Data extract:
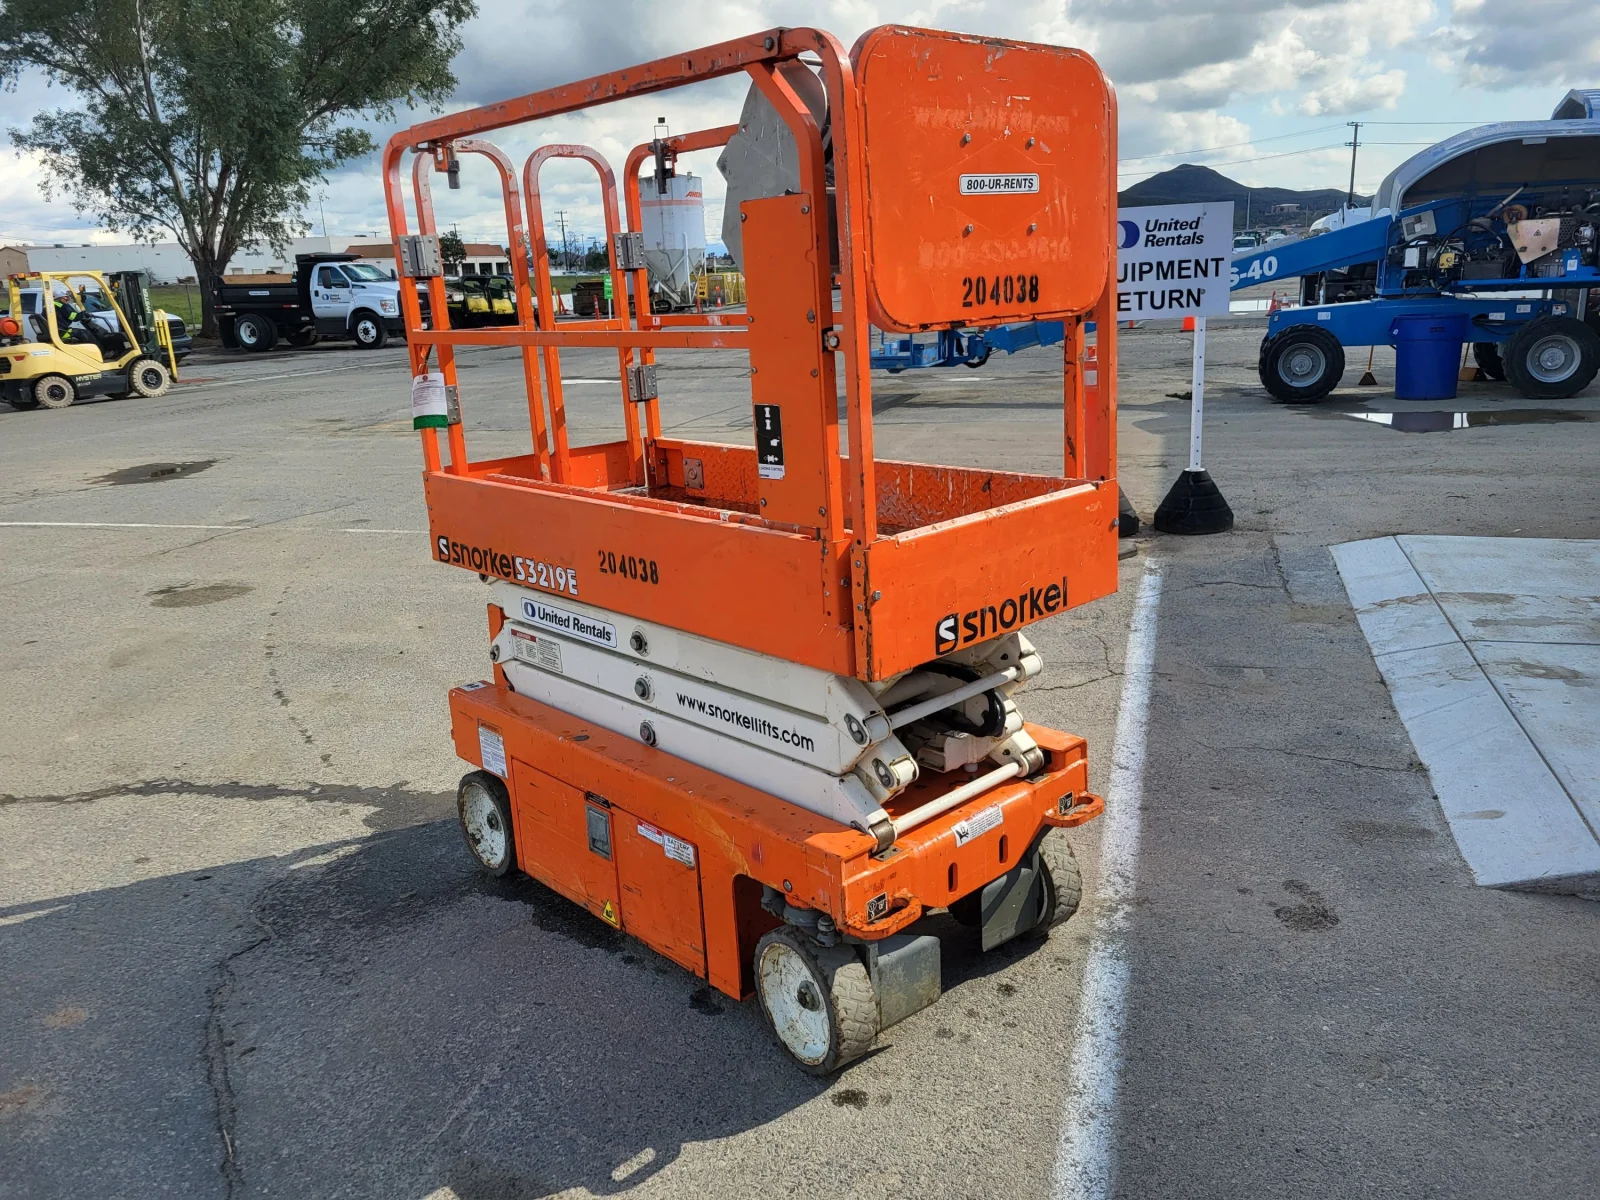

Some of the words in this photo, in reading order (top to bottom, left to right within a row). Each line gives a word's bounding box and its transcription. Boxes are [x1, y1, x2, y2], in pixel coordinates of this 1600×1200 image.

[966, 178, 1034, 191] 800-UR-RENTS
[1144, 231, 1205, 247] Rentals
[1145, 217, 1201, 232] United
[1117, 257, 1225, 283] UIPMENT
[1230, 256, 1278, 287] S-40
[142, 288, 151, 313] HYSTER
[962, 274, 1039, 307] 204038
[1117, 288, 1201, 311] ETURN
[75, 374, 102, 382] HYSTER
[451, 541, 517, 579] snorkel
[598, 550, 659, 585] 204038
[514, 556, 578, 596] S3219E
[537, 606, 570, 629] United
[572, 616, 612, 642] Rentals
[963, 576, 1068, 644] snorkel
[676, 692, 815, 752] www.snorkellifts.com

Assigned task: Should the entries hold any pictures, please omit those and print the remaining text exactly.

Task answer:
Some of the words in this photo, in reading order (top to bottom, left to right within a row). Each line gives a word's bounding box and its transcription. Boxes are [x1, y1, x2, y2], in pixel coordinates of this 1600×1200 image.

[966, 178, 1034, 191] 800-UR-RENTS
[1144, 231, 1205, 247] Rentals
[1145, 217, 1201, 232] United
[1117, 257, 1225, 283] UIPMENT
[1230, 256, 1278, 287] S-40
[142, 288, 151, 313] HYSTER
[962, 274, 1039, 307] 204038
[1117, 288, 1201, 311] ETURN
[75, 374, 102, 382] HYSTER
[451, 541, 517, 579] snorkel
[598, 550, 659, 585] 204038
[514, 556, 578, 596] S3219E
[537, 606, 570, 629] United
[572, 616, 612, 642] Rentals
[963, 576, 1068, 644] snorkel
[676, 692, 815, 752] www.snorkellifts.com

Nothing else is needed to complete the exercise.